| YOUR GOAL |
Images embedded in the records are excluded; print everything else exactly as given.

| THE DATA |
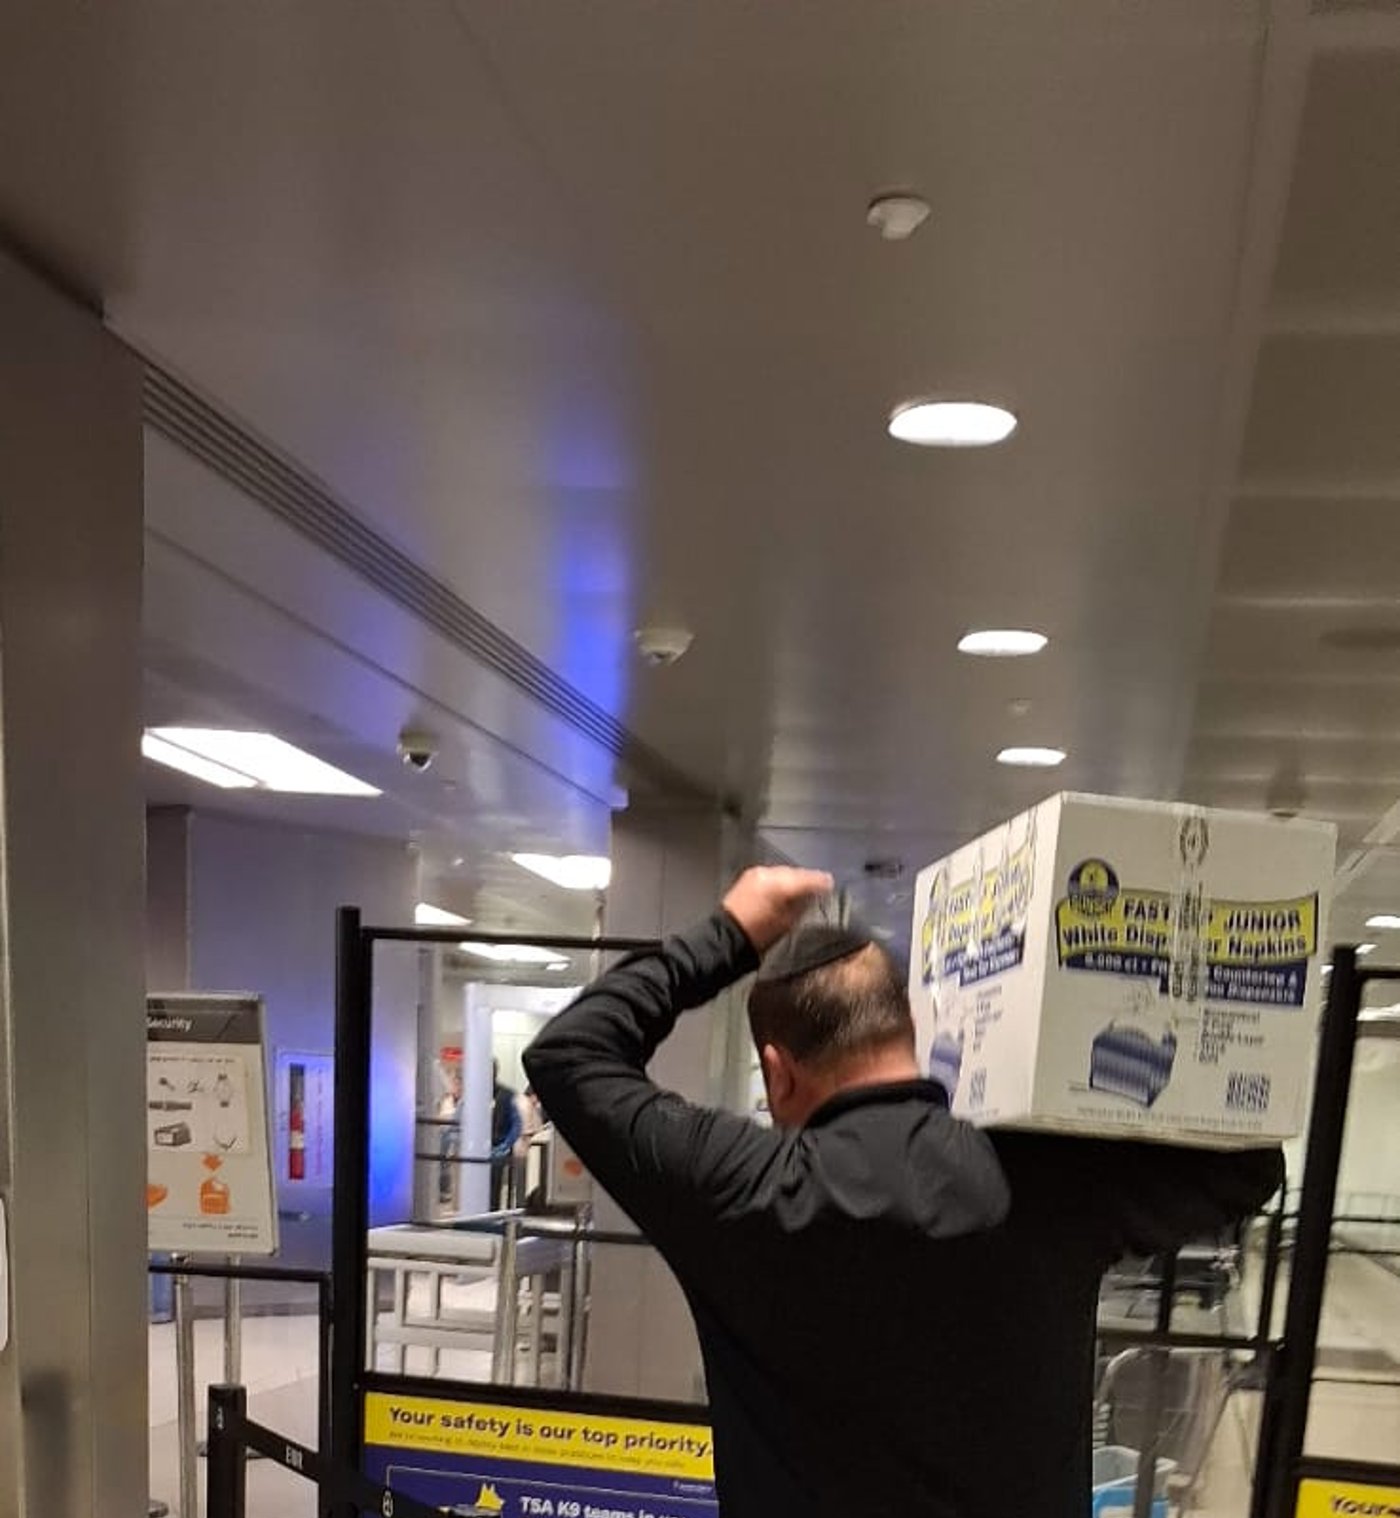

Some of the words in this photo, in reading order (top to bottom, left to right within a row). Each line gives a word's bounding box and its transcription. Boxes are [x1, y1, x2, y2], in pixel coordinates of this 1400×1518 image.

[1123, 898, 1169, 922] FAST
[1223, 909, 1302, 933] JUNIOR
[1062, 923, 1119, 947] White
[1228, 934, 1307, 963] Napkins
[146, 1016, 193, 1032] Security
[389, 1407, 435, 1426] Your
[441, 1412, 510, 1438] safety
[516, 1418, 534, 1437] is
[540, 1425, 576, 1441] our
[582, 1426, 619, 1448] top
[625, 1431, 713, 1458] priority.
[519, 1496, 554, 1515] TSA
[557, 1501, 581, 1518] K9
[1331, 1494, 1387, 1516] Your
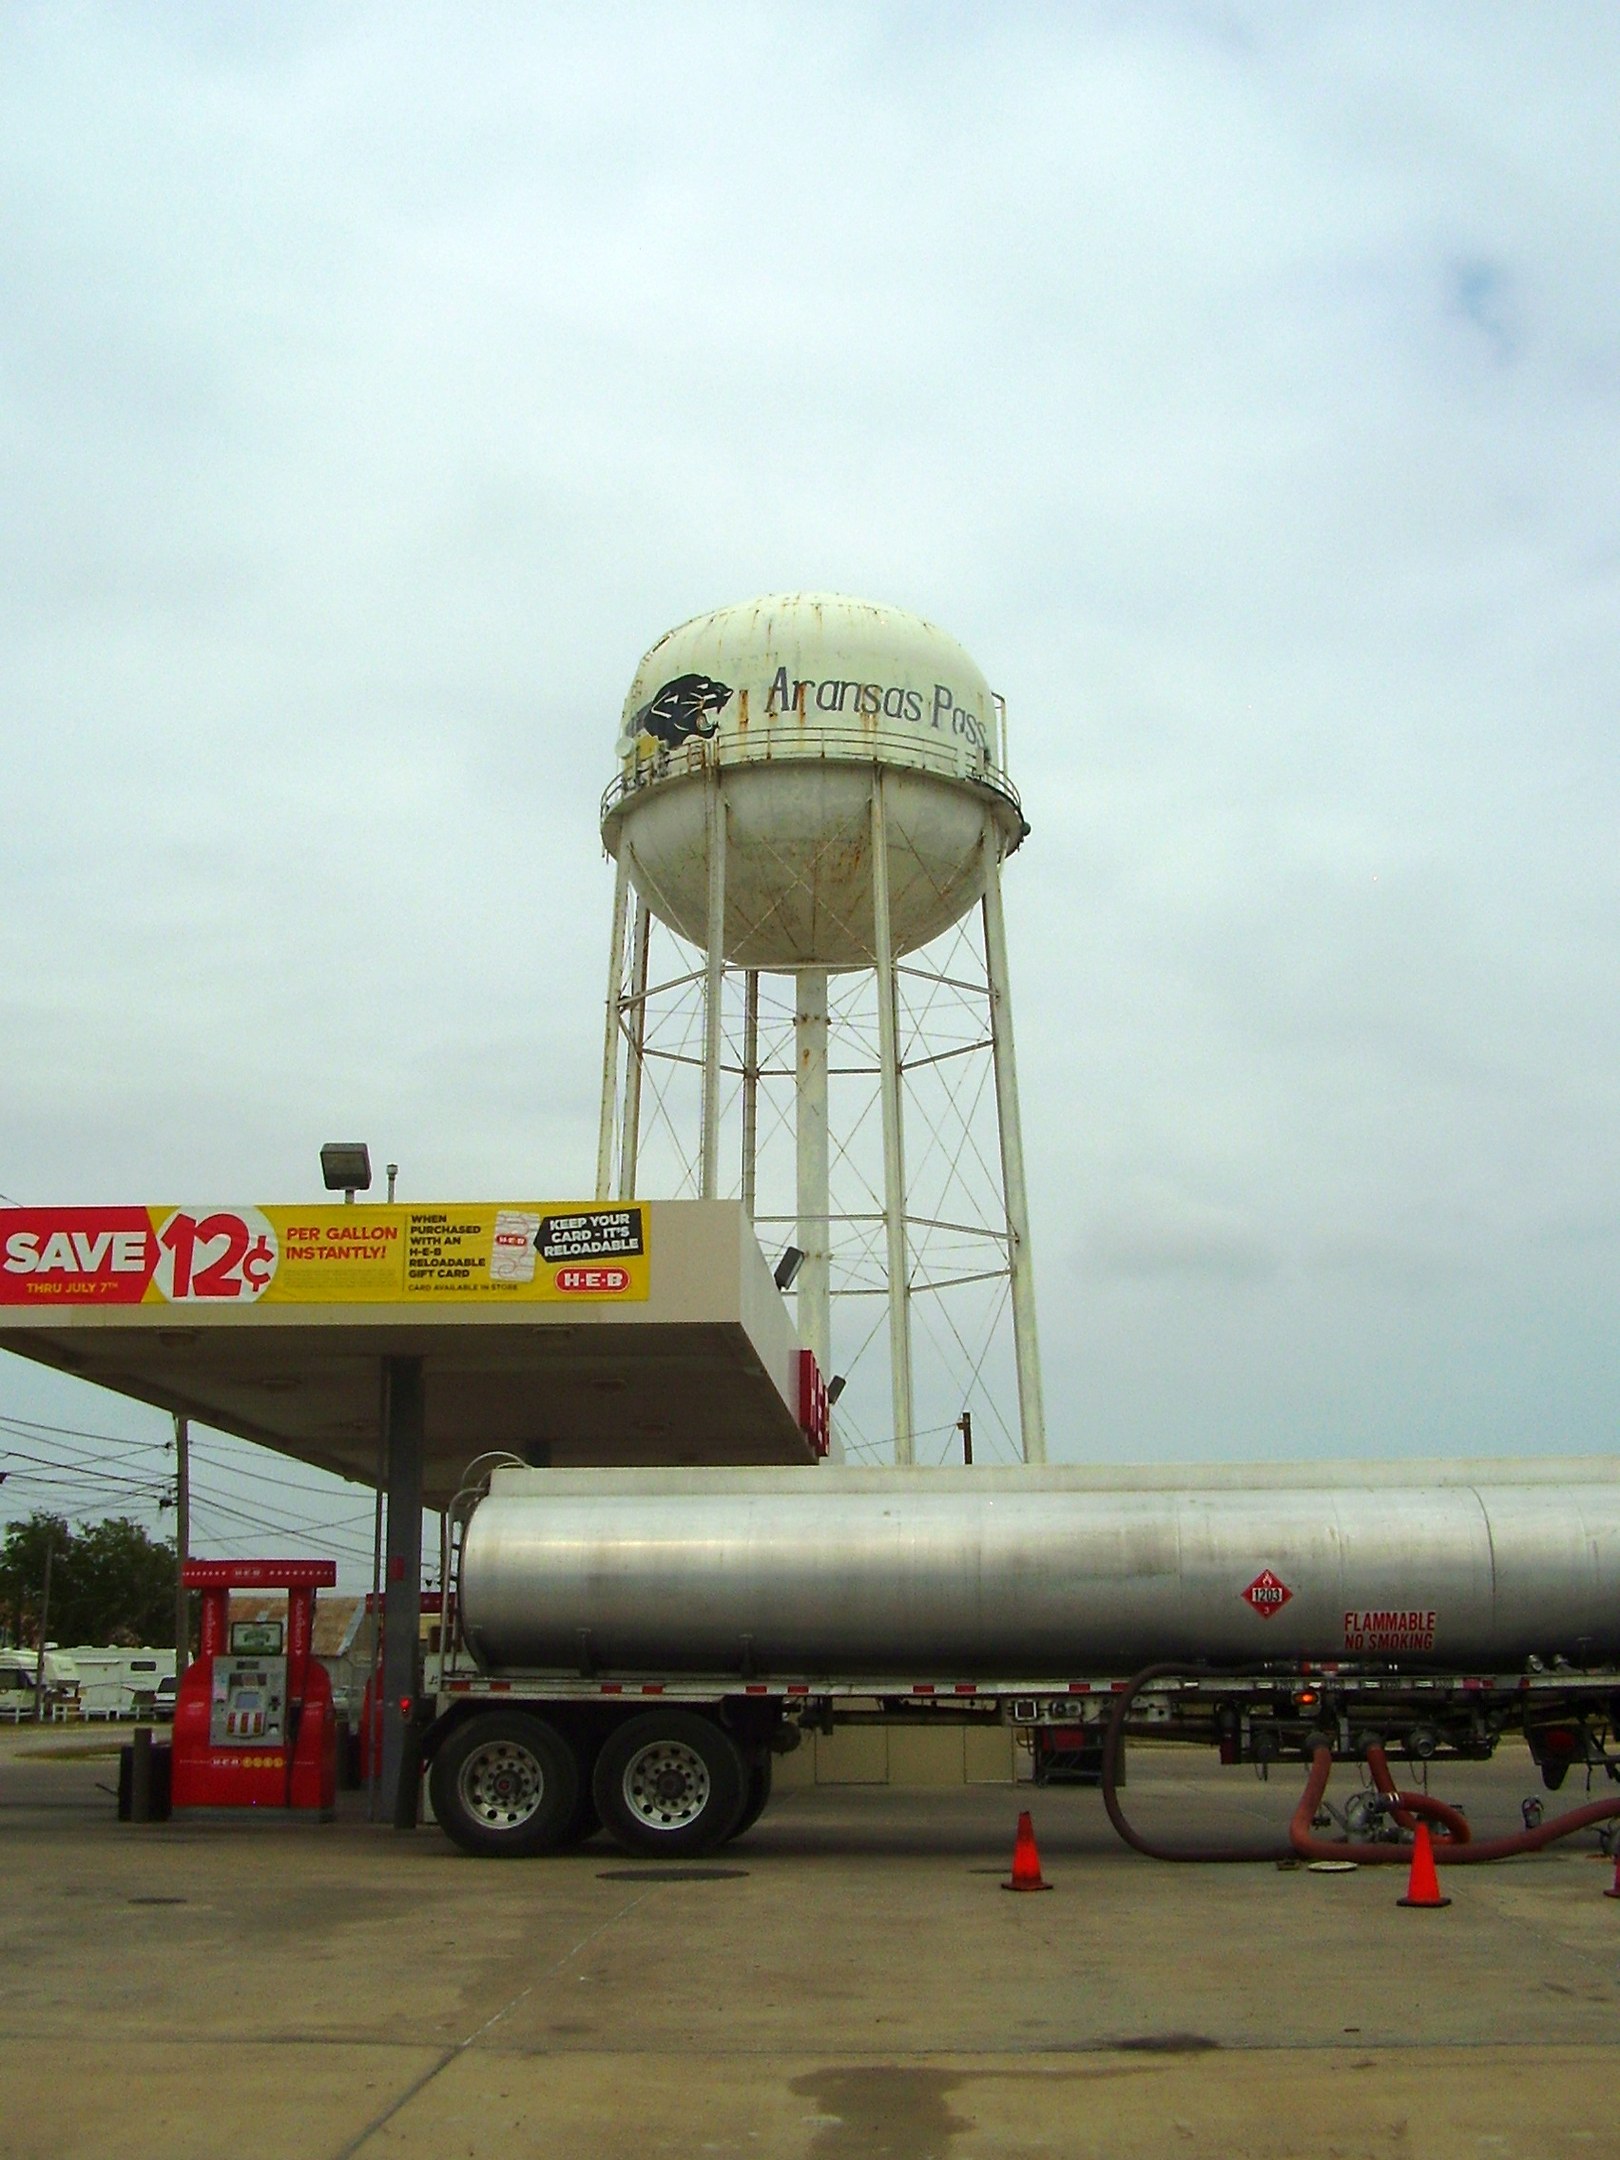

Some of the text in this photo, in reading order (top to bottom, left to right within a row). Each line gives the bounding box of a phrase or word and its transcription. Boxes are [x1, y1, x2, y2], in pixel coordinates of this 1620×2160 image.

[764, 666, 986, 749] Aransas Pass
[411, 1214, 447, 1223] WHEN
[549, 1213, 630, 1231] KEEP YOUR
[287, 1226, 398, 1240] PER GALLON
[410, 1225, 482, 1234] PURCHASED
[551, 1229, 592, 1243] CARD
[603, 1226, 630, 1239] IT'S
[410, 1236, 461, 1245] WITH AN
[544, 1238, 639, 1257] RELOADABLE
[3, 1231, 147, 1274] SAVE
[286, 1246, 386, 1260] INSTANTLY!
[409, 1247, 442, 1256] H-E-B
[409, 1258, 485, 1267] RELOADABLE
[408, 1269, 434, 1278] GIFT
[437, 1269, 470, 1278] CARD
[26, 1282, 62, 1294] THRU
[65, 1282, 96, 1294] JULY
[1254, 1588, 1280, 1602] 1203
[1344, 1611, 1436, 1632] FLAMMABLE
[1344, 1633, 1433, 1650] NO SMOKING
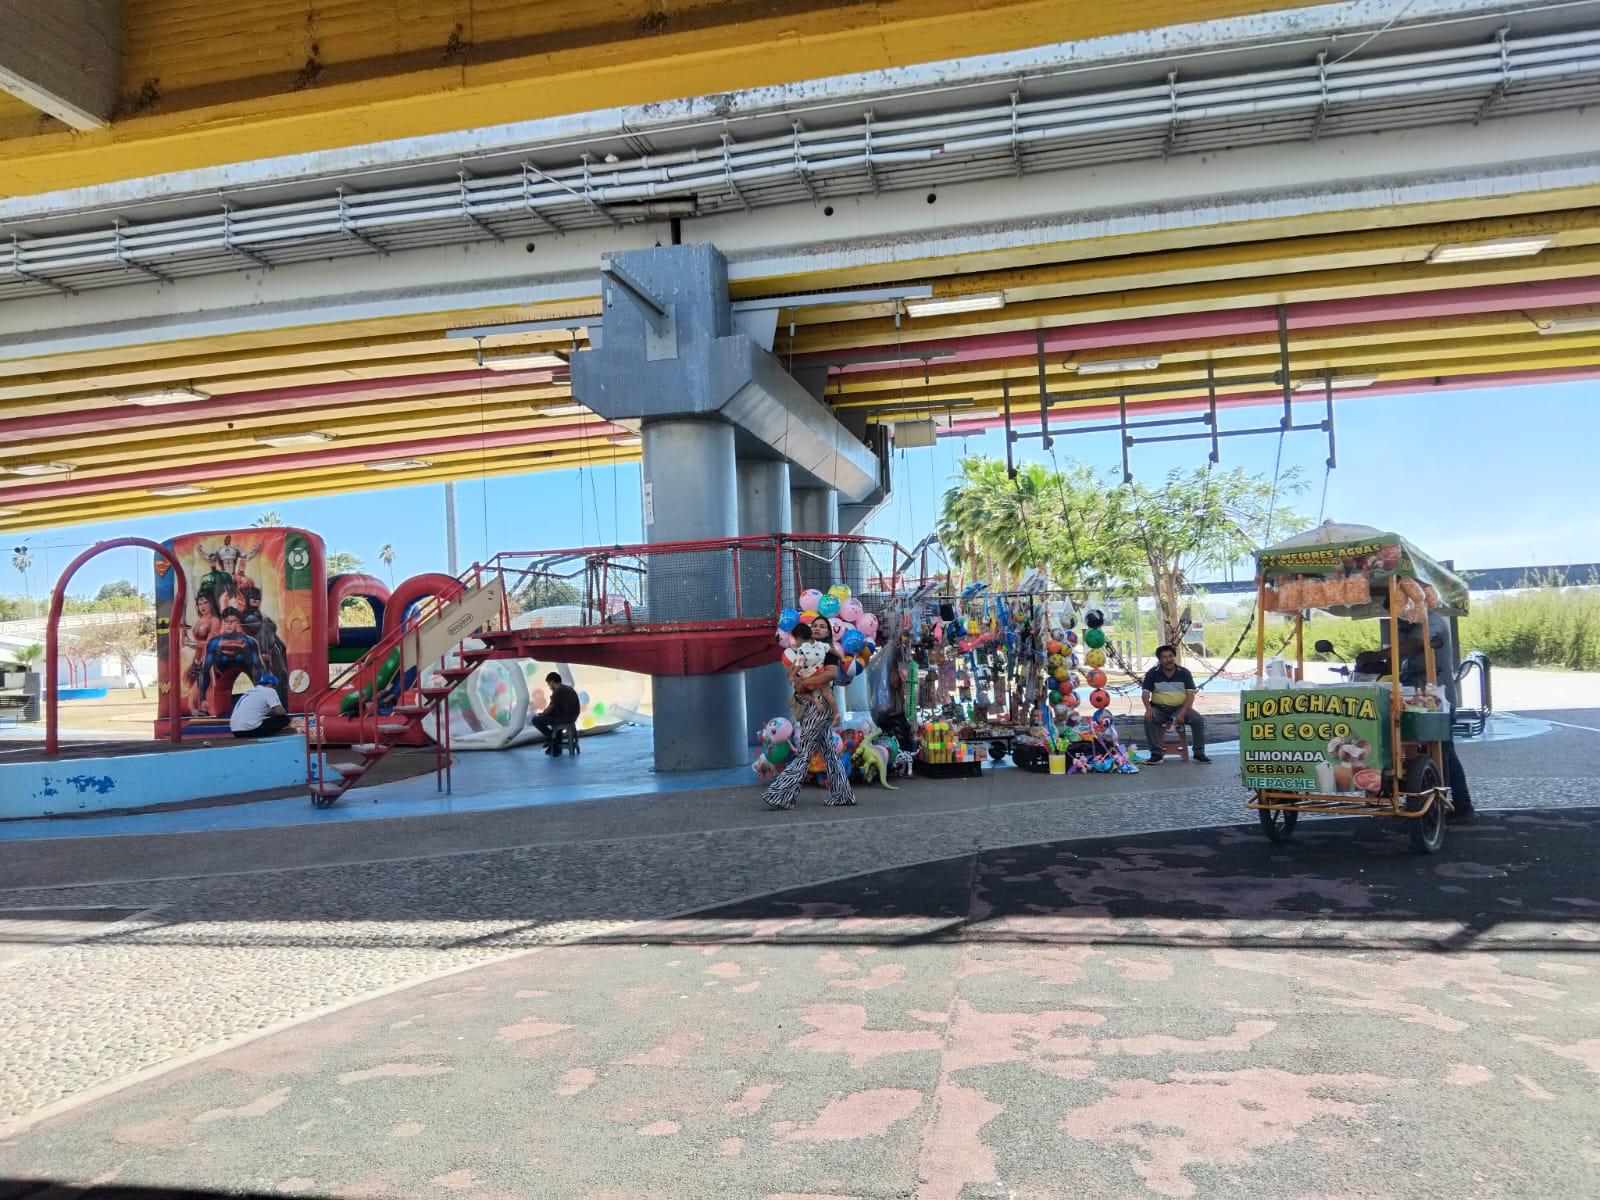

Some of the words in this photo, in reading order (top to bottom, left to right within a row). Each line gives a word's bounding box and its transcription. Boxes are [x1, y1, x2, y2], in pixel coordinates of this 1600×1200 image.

[1338, 543, 1382, 557] AGUAS
[1245, 693, 1377, 721] HORCHATA
[1251, 723, 1276, 740] DE
[1282, 723, 1351, 740] COCO
[1245, 750, 1325, 762] LIMONADA
[1246, 764, 1305, 774] CEBADA
[1246, 777, 1316, 790] TEPACHE

| OUTPUT FOR THIS EXERCISE |
Some of the words in this photo, in reading order (top to bottom, left to right within a row). Each line gives a word's bounding box and its transcription. Boxes are [x1, y1, x2, y2], in pixel coordinates of this 1400×1518 image.

[1123, 898, 1169, 922] FAST
[1223, 909, 1302, 933] JUNIOR
[1062, 923, 1119, 947] White
[1228, 934, 1307, 963] Napkins
[146, 1016, 193, 1032] Security
[389, 1407, 435, 1426] Your
[441, 1412, 510, 1438] safety
[516, 1418, 534, 1437] is
[540, 1425, 576, 1441] our
[582, 1426, 619, 1448] top
[625, 1431, 713, 1458] priority.
[519, 1496, 554, 1515] TSA
[557, 1501, 581, 1518] K9
[1331, 1494, 1387, 1516] Your

Some of the text in this photo, in reading order (top to bottom, left to right within a row). Each line gives the bounding box of a phrase or word and its transcription. Boxes are [x1, y1, x2, y2], in pixel coordinates of this 1620×2160 image.

[764, 666, 986, 749] Aransas Pass
[411, 1214, 447, 1223] WHEN
[549, 1213, 630, 1231] KEEP YOUR
[287, 1226, 398, 1240] PER GALLON
[410, 1225, 482, 1234] PURCHASED
[551, 1229, 592, 1243] CARD
[603, 1226, 630, 1239] IT'S
[410, 1236, 461, 1245] WITH AN
[544, 1238, 639, 1257] RELOADABLE
[3, 1231, 147, 1274] SAVE
[286, 1246, 386, 1260] INSTANTLY!
[409, 1247, 442, 1256] H-E-B
[409, 1258, 485, 1267] RELOADABLE
[408, 1269, 434, 1278] GIFT
[437, 1269, 470, 1278] CARD
[26, 1282, 62, 1294] THRU
[65, 1282, 96, 1294] JULY
[1254, 1588, 1280, 1602] 1203
[1344, 1611, 1436, 1632] FLAMMABLE
[1344, 1633, 1433, 1650] NO SMOKING

Some of the words in this photo, in reading order (top to bottom, left to right within a row). Each line gives a word's bounding box and its transcription. Boxes are [x1, y1, x2, y2], in pixel coordinates of this 1600×1200 image.

[1338, 543, 1382, 557] AGUAS
[1245, 693, 1377, 721] HORCHATA
[1251, 723, 1276, 740] DE
[1282, 723, 1351, 740] COCO
[1245, 750, 1325, 762] LIMONADA
[1246, 764, 1305, 774] CEBADA
[1246, 777, 1316, 790] TEPACHE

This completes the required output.